Free-text object descriptions:
= = = = = = =
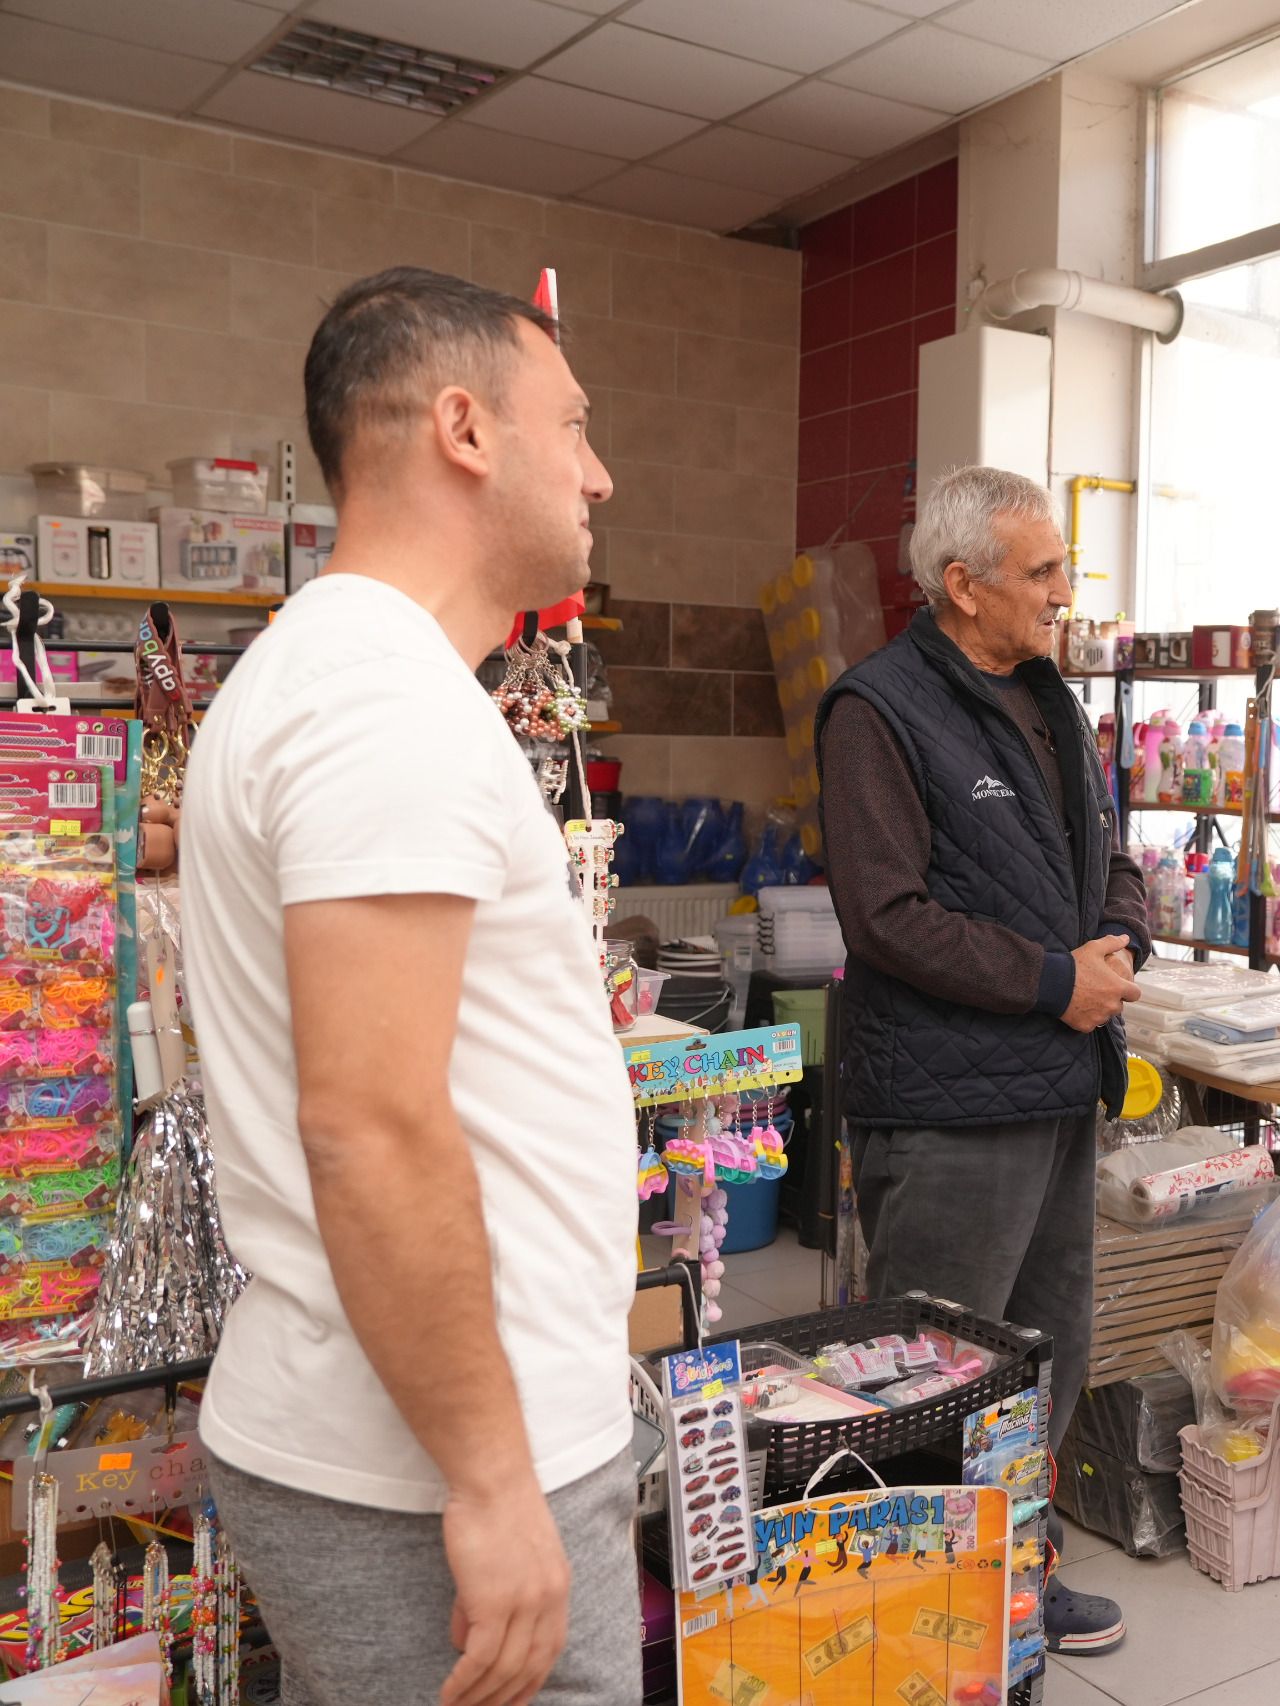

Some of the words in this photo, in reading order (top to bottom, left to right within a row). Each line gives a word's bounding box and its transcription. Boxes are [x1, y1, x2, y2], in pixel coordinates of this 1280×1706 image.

[140, 613, 180, 699] capybar
[627, 1056, 680, 1085] KEY
[683, 1044, 766, 1075] CHAIN
[75, 1470, 138, 1493] Key
[150, 1457, 207, 1480] cha
[754, 1511, 816, 1553] YUN
[828, 1494, 945, 1537] PARASI
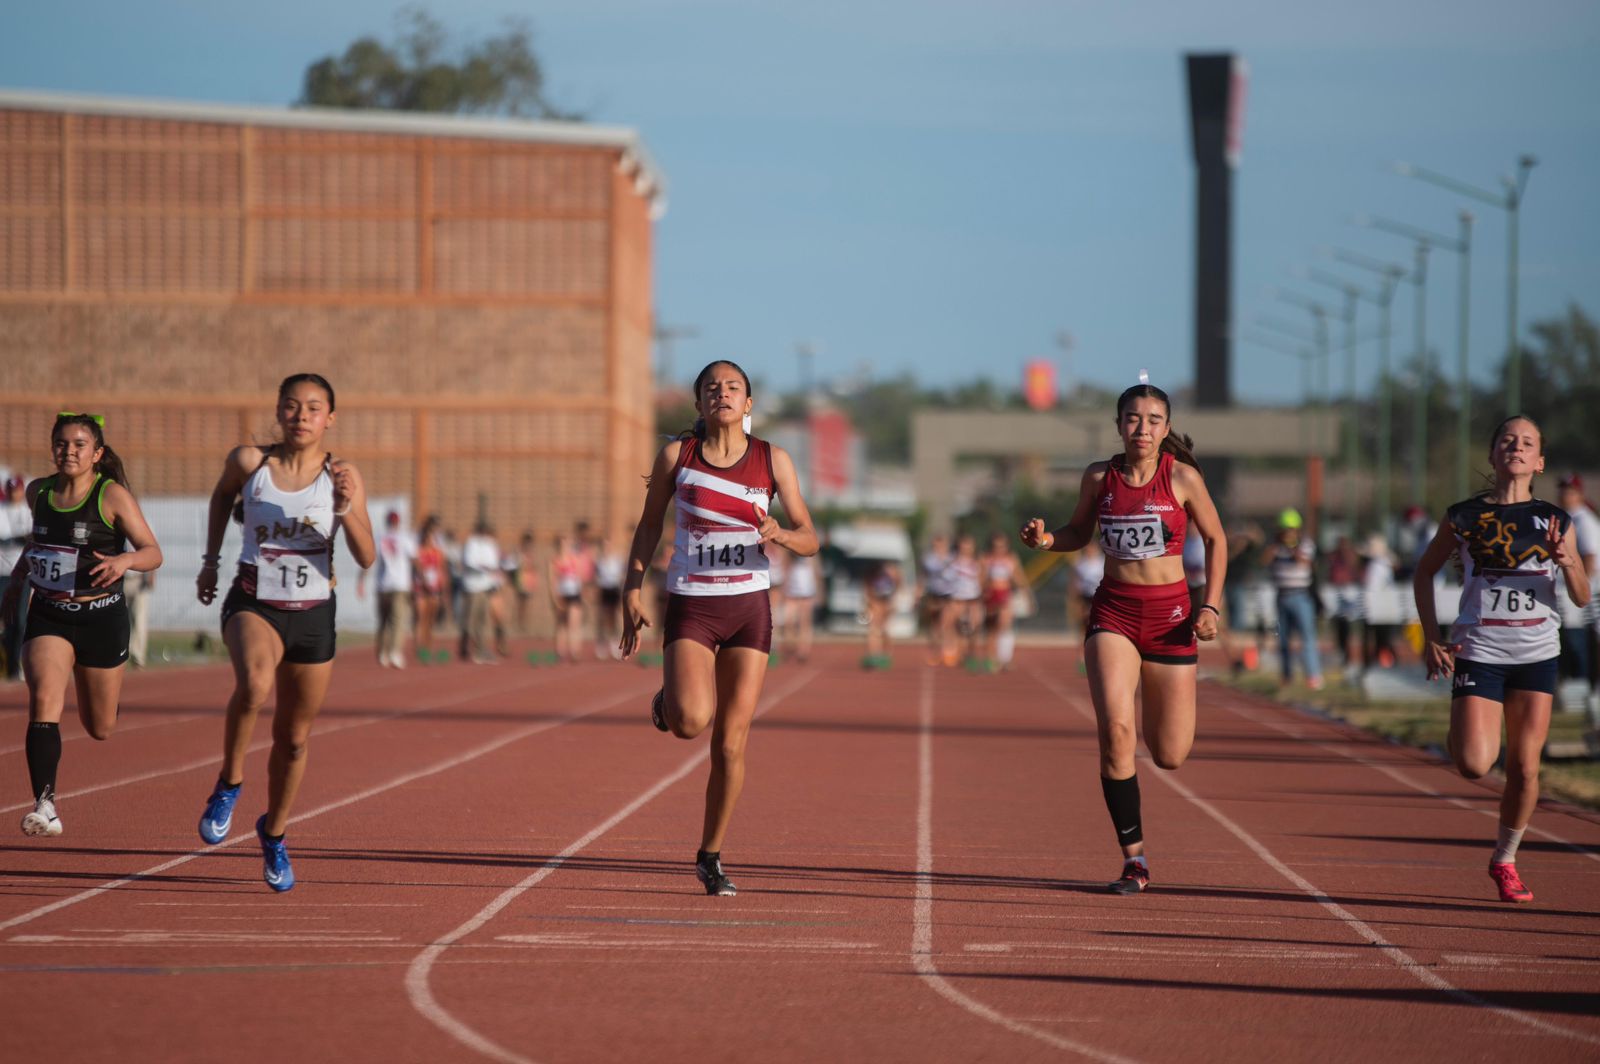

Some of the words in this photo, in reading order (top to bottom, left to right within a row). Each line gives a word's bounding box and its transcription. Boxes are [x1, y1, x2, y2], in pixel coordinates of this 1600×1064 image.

[254, 515, 319, 544] BAJA
[1101, 526, 1156, 550] 1732
[695, 543, 745, 567] 1143
[32, 556, 61, 583] 565
[278, 565, 308, 588] 15
[88, 592, 122, 610] NIKE
[1490, 588, 1536, 612] 763
[1454, 673, 1476, 689] NL
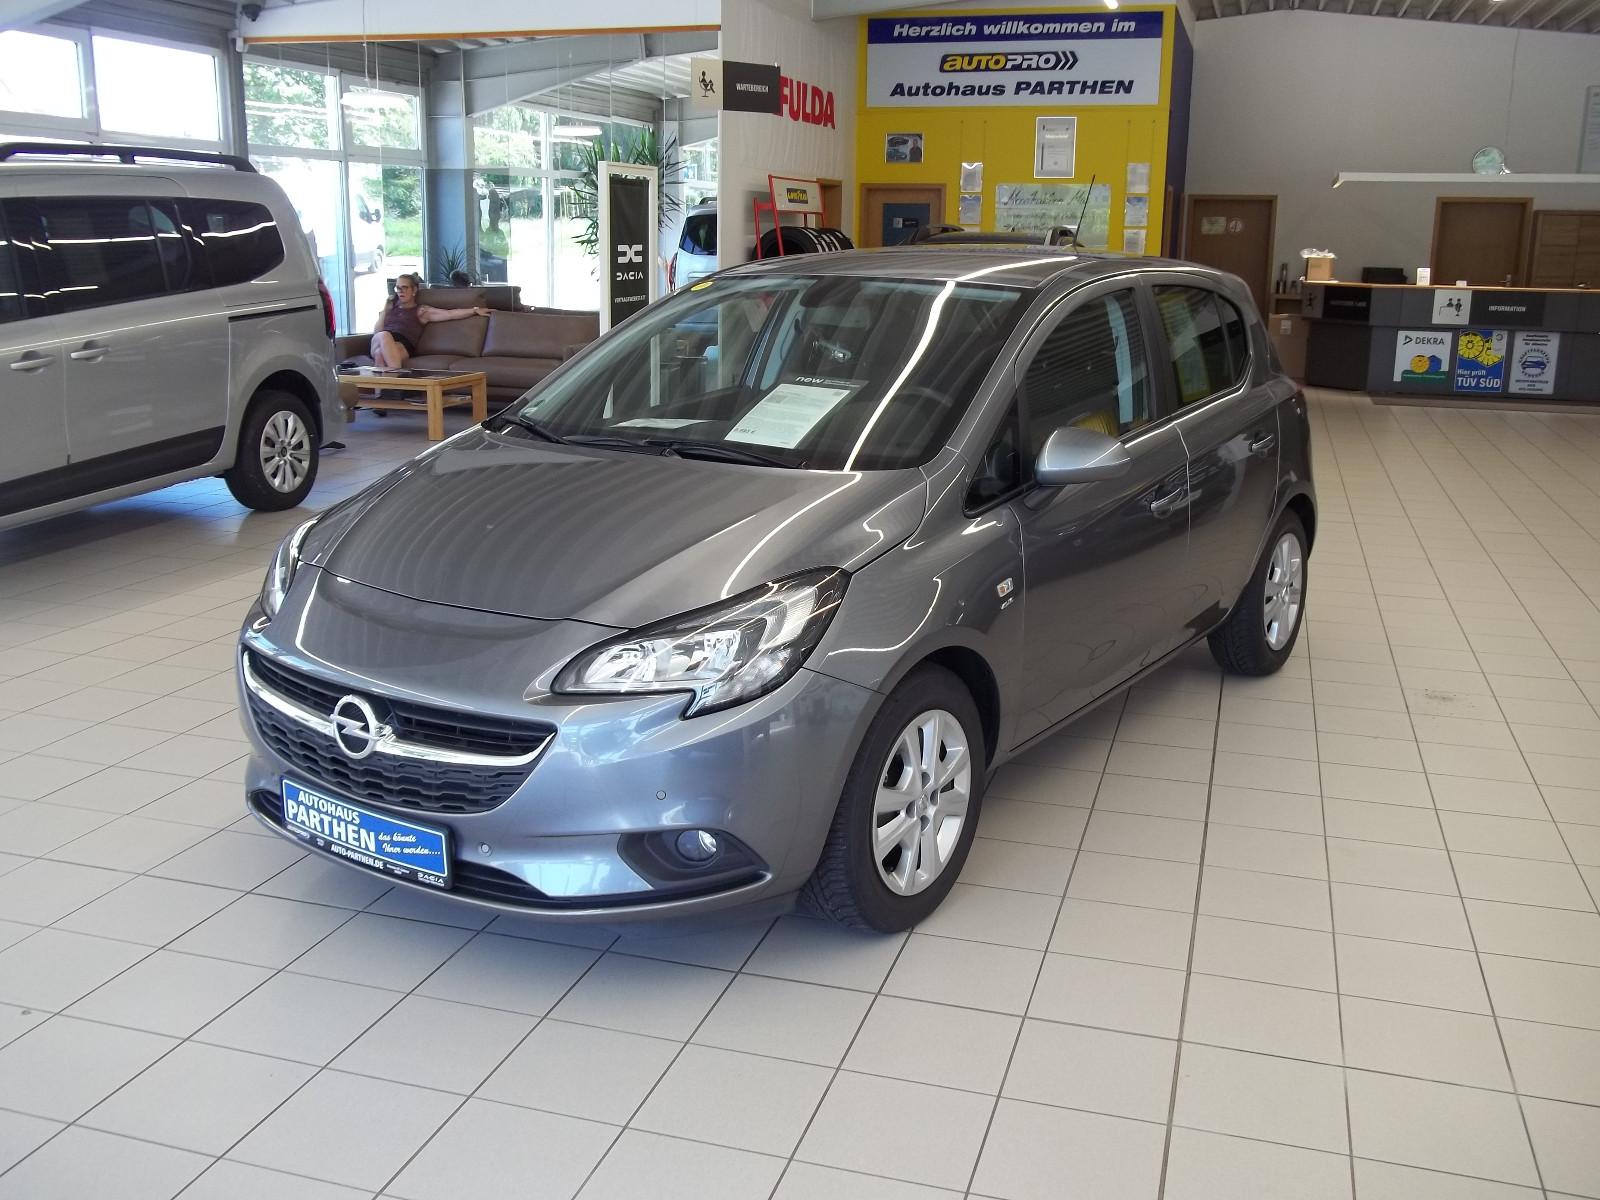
= = = = = = =
Task requirements:
Would you copy out the data exactly, leaving every picture out?

Response below:
Some of the words in this photo, in reading order (top to bottom, left to right within a row). Each line gives a word's bounding box and its transcription. Boxes are [x1, y1, x2, y2], in pixel coordinates of this 1280×1706 image.

[140, 613, 180, 699] capybar
[627, 1056, 680, 1085] KEY
[683, 1044, 766, 1075] CHAIN
[75, 1470, 138, 1493] Key
[150, 1457, 207, 1480] cha
[754, 1511, 816, 1553] YUN
[828, 1494, 945, 1537] PARASI

Some of the words in this photo, in reading order (top to bottom, left to right within a row). Each line gives a word's bounding box and its transcription. Boxes are [x1, y1, x2, y2], in pixel coordinates of this 1600×1064 image.

[254, 515, 319, 544] BAJA
[1101, 526, 1156, 550] 1732
[695, 543, 745, 567] 1143
[32, 556, 61, 583] 565
[278, 565, 308, 588] 15
[88, 592, 122, 610] NIKE
[1490, 588, 1536, 612] 763
[1454, 673, 1476, 689] NL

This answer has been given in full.